# Does anybody know about ARGC?



## BobbyS (Sep 23, 2010)

Hello!

We are going to start IVF in December /Jan and we have been looking at clinics. We would like to have immune testing and be closely monitored so would like to go to ARGC (it's also near work so can go for bloods etc easily). But, on their website I see no mention of same sex couples and it only talks about male and female partners. 

I also read on a ARGC clinic thread that a single woman had said they weren't getting back to her and she heard that they don't treat single women. So I am wondering whether anyone knows any info on ARGC and whether they treat same sex couples, are they allowed to refuse us? I have emailed them and left a message asking for an info pack but if they don't get back to me because they are avoiding the issue (as they are doing with the woman on the thread) I don't want to wait around.

Thanks guys!
Bobbyx


----------



## daisyg (Jan 7, 2004)

BobbySuccess,

I may stand to be corrected, but when I wanted to go to ARGC some years ago, I was told they do not accept single women and I assume this would include same sex couple as well.

This is obviously a shame as they are so successful.  I personally would recommend the next best choice as the Lister, who may well also be sympathetic to some extra testing (including immunes).  You can organise a lot of implantation failure, standard testing via your GP and maybe use either the Lister (Dr. Thum e.g.) or someone like Dr. Gorgy for more expert level 2 immune testing.
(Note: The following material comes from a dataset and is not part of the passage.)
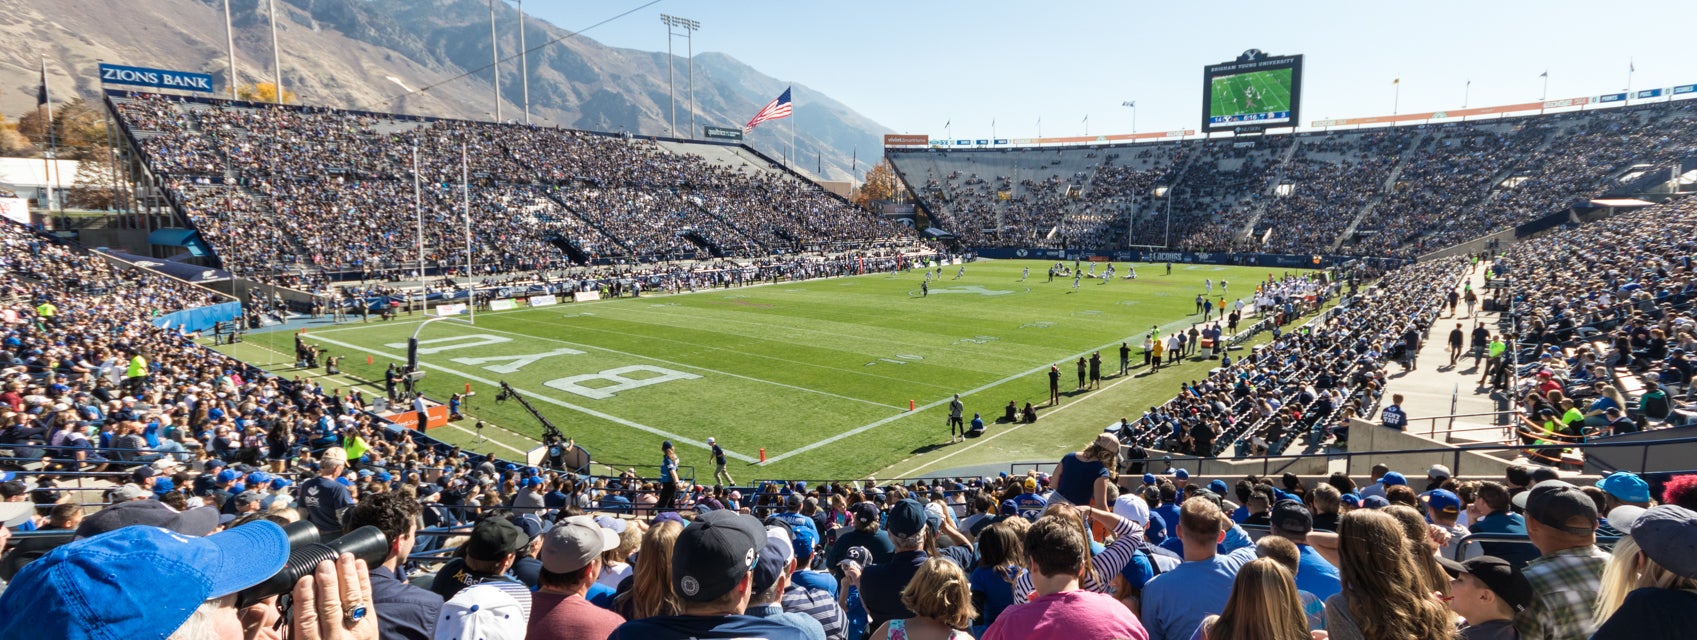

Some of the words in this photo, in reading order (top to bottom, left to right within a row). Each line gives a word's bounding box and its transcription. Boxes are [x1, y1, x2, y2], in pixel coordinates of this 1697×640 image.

[1258, 58, 1295, 67] UNIVERSITY
[102, 67, 159, 84] ZIONS
[162, 73, 210, 90] BANK
I had a very good experience at the Lister and they are an extremely highly regarded clinic.

Best of luck,
Daisy
xx


----------



## ♥JJ1♥ (Feb 11, 2006)

I am a single woman and went to Argc under the guise as a couple with my KD for the reason you stated. I have heard that they refuse single and same sex couples fr FF I would have thought they'd be hard pressed to deny same sex couples these days. I also had a consultation with dr jaya parkeih at the lister and found her manner so nice the lister also seemed much more calm & modern than Argc which is like a rollercoaster. Daisyg has given you some great advice as well


----------



## nickidee (Sep 16, 2007)

I would also vouch for the Lister after a poor experience at LWC.


----------



## BobbyS (Sep 23, 2010)

Thank you for the great advice and insight! If ARGC would rather not treat same sex couples even though legally they might have to now, we won't pursue it - we want to feel welcomed and comfortable. I have heard lots of great things about the Lister and CRGH. My GP is a bit pants when it comes to investigating my infertility and just suggests IVF, so if I go with CRGH I will go to see Dr Gorgy to get the level 1&2 immunes done. 

Thank you all  

Bobbyx


----------



## ♥JJ1♥ (Feb 11, 2006)

I may be wrong but I think CRGH do some immune testing themselves

Good Luck


----------



## luce87 (Feb 1, 2010)

I think that the issue with ARGC is that they do not have an HFEA licence to store donated sperm or eggs (and that's probably because of the problems they have with HFEA).  I looked into it a while ago. 
So it's not so much that they won't accept same sex or single women, but that they cannot accept anyone who would have to use anything donated.


----------



## BobbyS (Sep 23, 2010)

That's interesting Luce87, thanks for letting us know. They do have donor sperm listed on the price list but it is £110 so very low compared to other clinics which is maybe an indication that it isn't the same system. 
Thanks


----------



## daisyg (Jan 7, 2004)

Yes, interesting info.  I also noticed the price for DS on their website and the HFEA also says that they are licensed for DS??  Surely some of his couples also need donor sperm? I understand that couples do import from US for example to ARGC but only known/ID release donors I think.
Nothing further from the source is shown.